Classiques et cie

Gatsby le Magnifique de Fitzgerald

L’écriture de Fitzgerald capte la réalité cru d’un sarcasme bienveillant saisissant d’un trait une atmosphère que d’autres auraient mis dix pages à écrire. Ses descriptions à la fois poétiques et surréalistes sont un point d’entrée du fantastique qui se mêle à un récit d’une cruauté jubilatoire. Roman emblématique de la littérature américaine, il frappe le lecteur à chaque chapitre.

Gatsby, devenu mythe littéraire, devient un nouveau Graal, une sorte de fantasme à peine appuyé sorti d’un rêve trouble comme un fantôme sortant d’un miroir. Il flotte grâce aux rumeurs et hante toutes les conversations, toutes les pensées du narrateur. couv48043213.png

Fitzgerald a toujours voulu que quiconque veuille commenter le roman s’abstiennent de révéler ne serait-ce que l’ombre de l’histoire.

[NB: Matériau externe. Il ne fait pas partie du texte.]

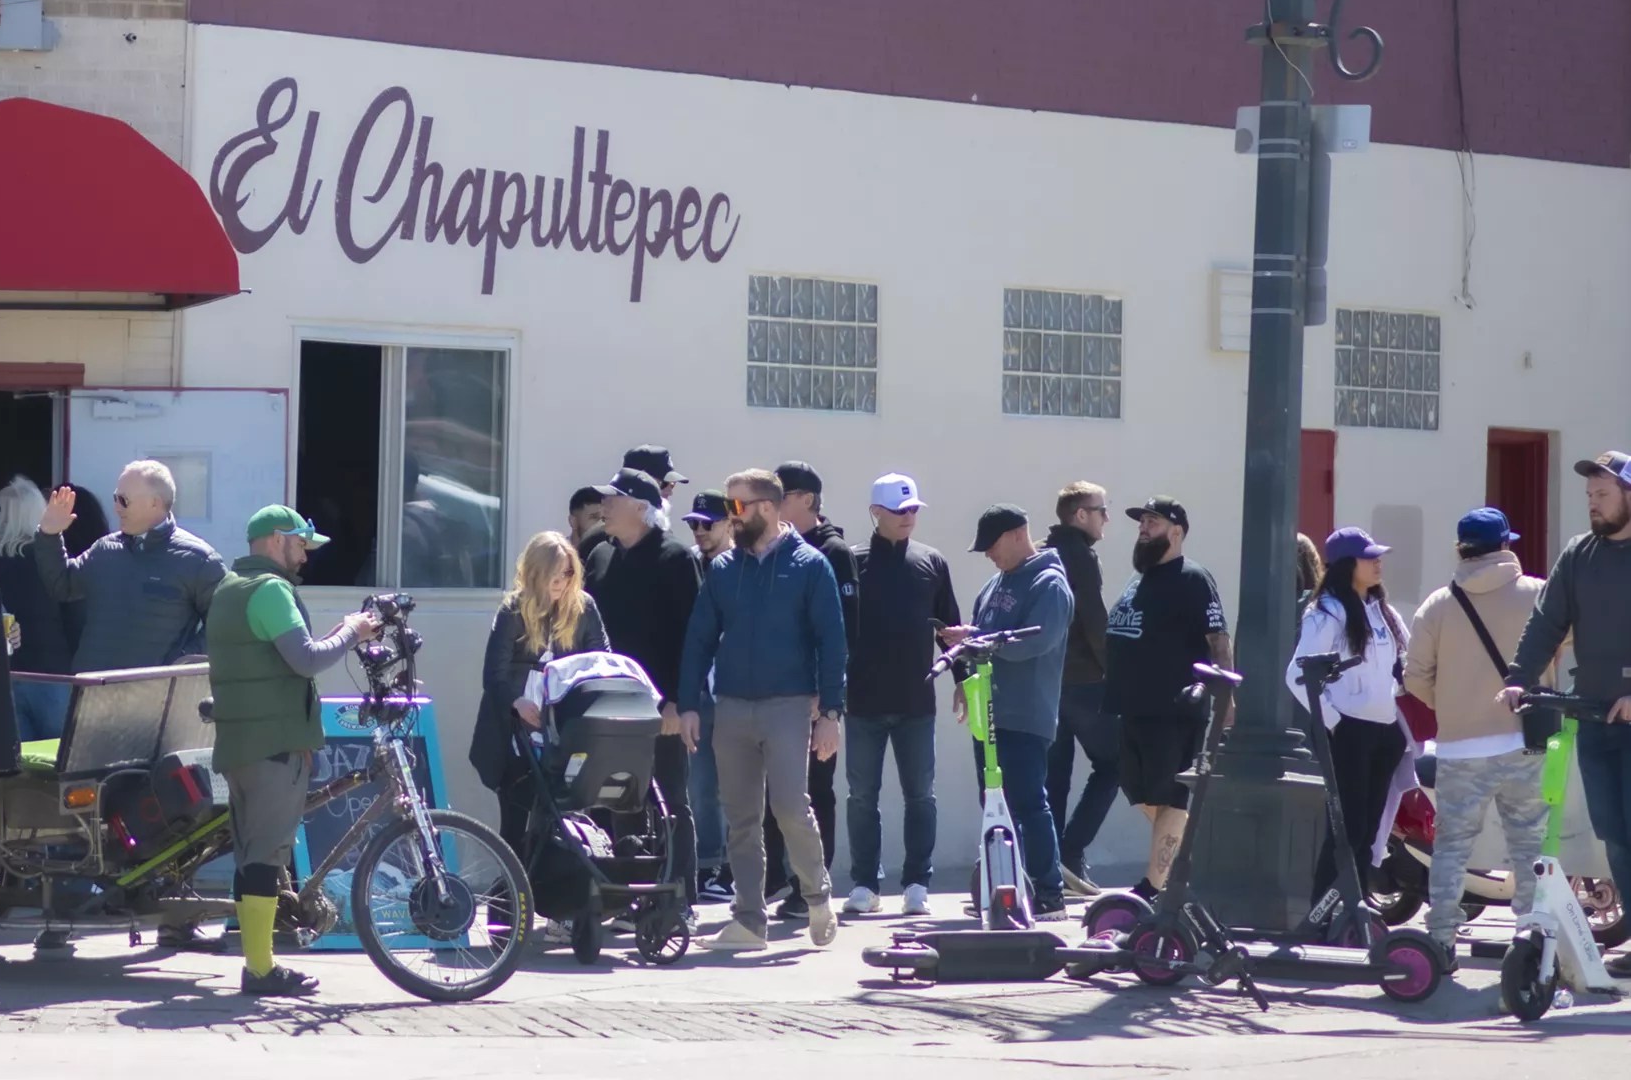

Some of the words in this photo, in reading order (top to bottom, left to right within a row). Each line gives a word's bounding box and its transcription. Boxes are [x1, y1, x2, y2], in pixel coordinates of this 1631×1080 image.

[209, 76, 323, 254] El
[334, 85, 740, 302] Chapultepec
[311, 743, 370, 782] JAZ
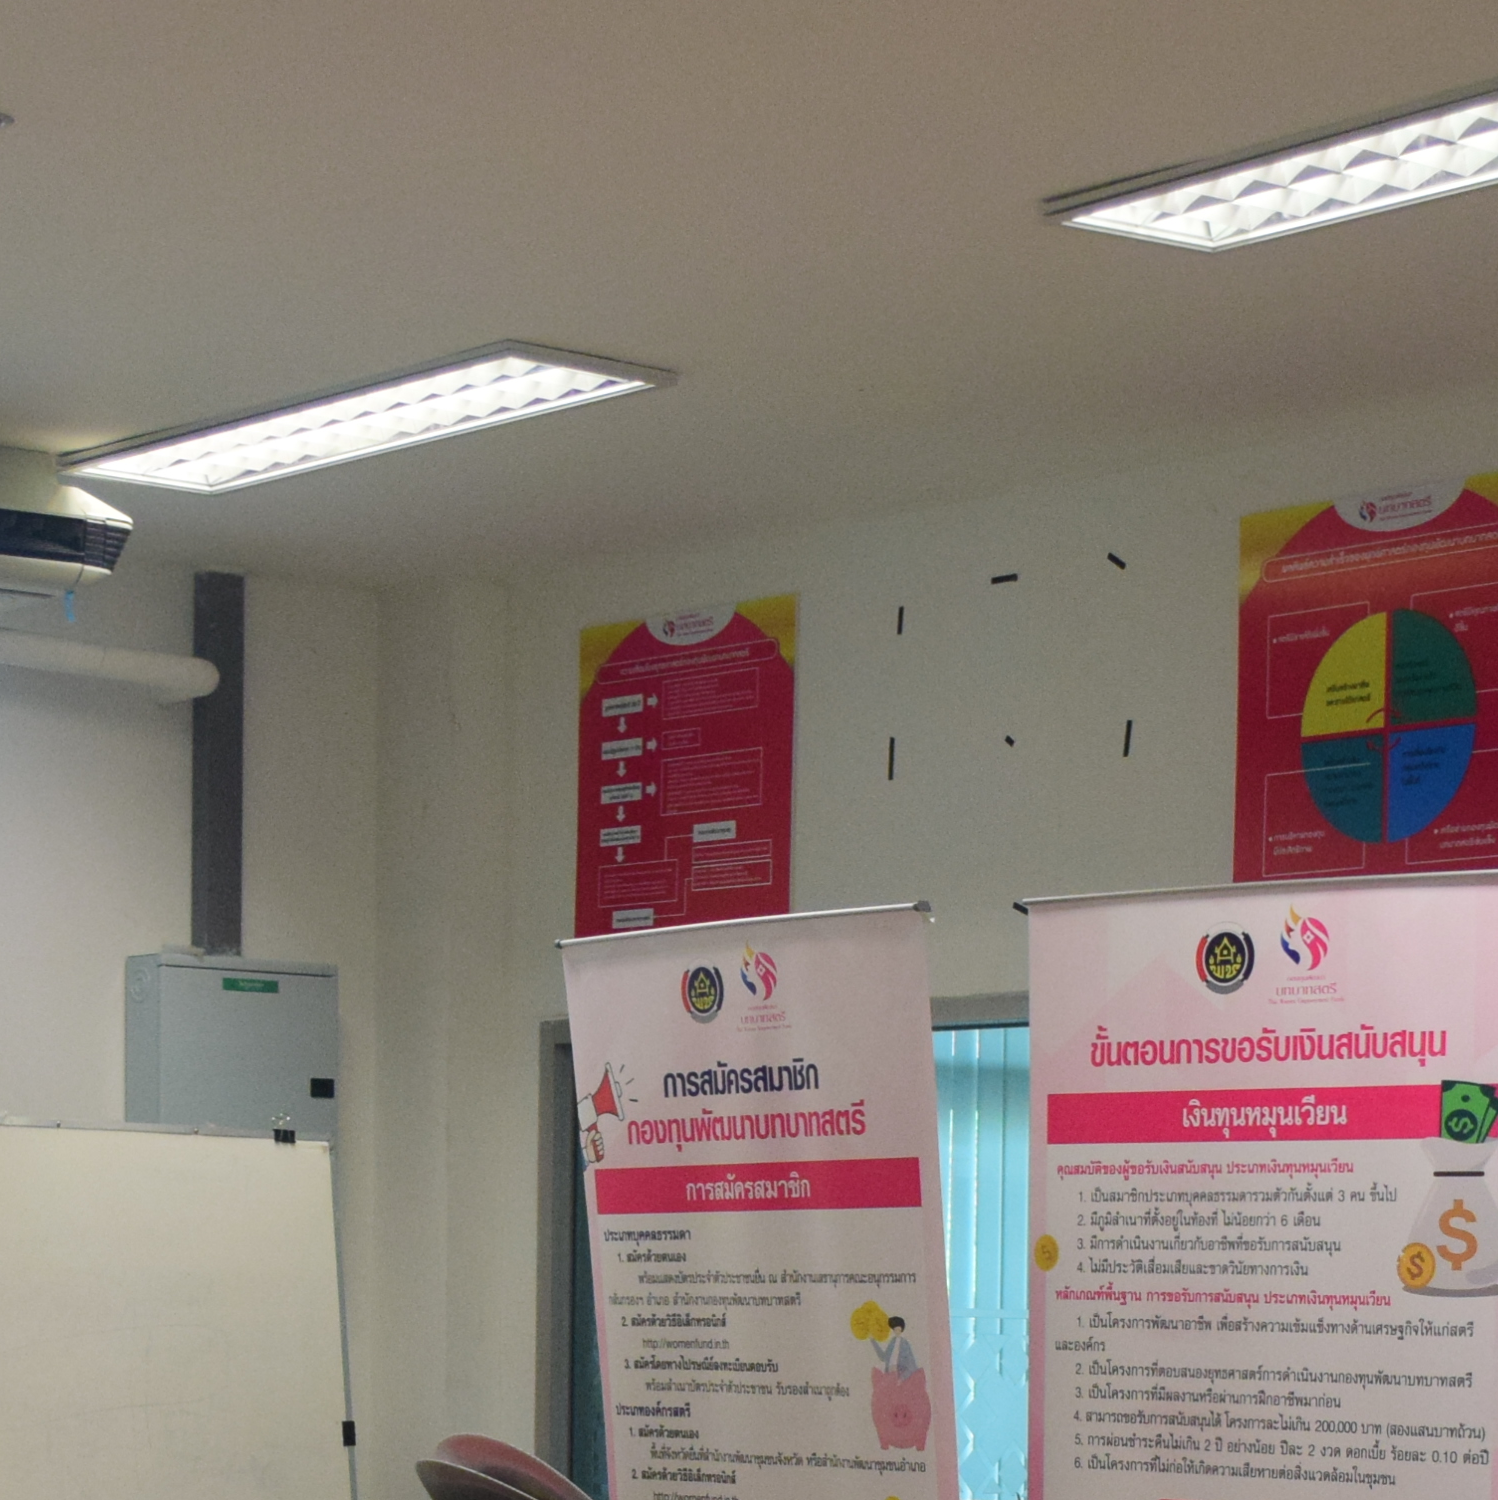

Par conséquent, je m’abstiendrais. Mais oubliez tous ce que véhiculent ce livre. Les fêtes ne sont qu’au second-plan. En effet, le tour de force de l’auteur est d’avoir su décortiquer et écrire le jeu des relations humaines.

Gatsby est le récit d’une mort annoncée. Tragédie absurde, elle illustre l’égoïsme et l’individualisme grandissant d’une époque ayant trouvé son apogée dans la nôtre. Enfin, il est pour moi un des écrivains qui parle le mieux de l’amour.

Mais je me tais, j’en ai bien trop dit.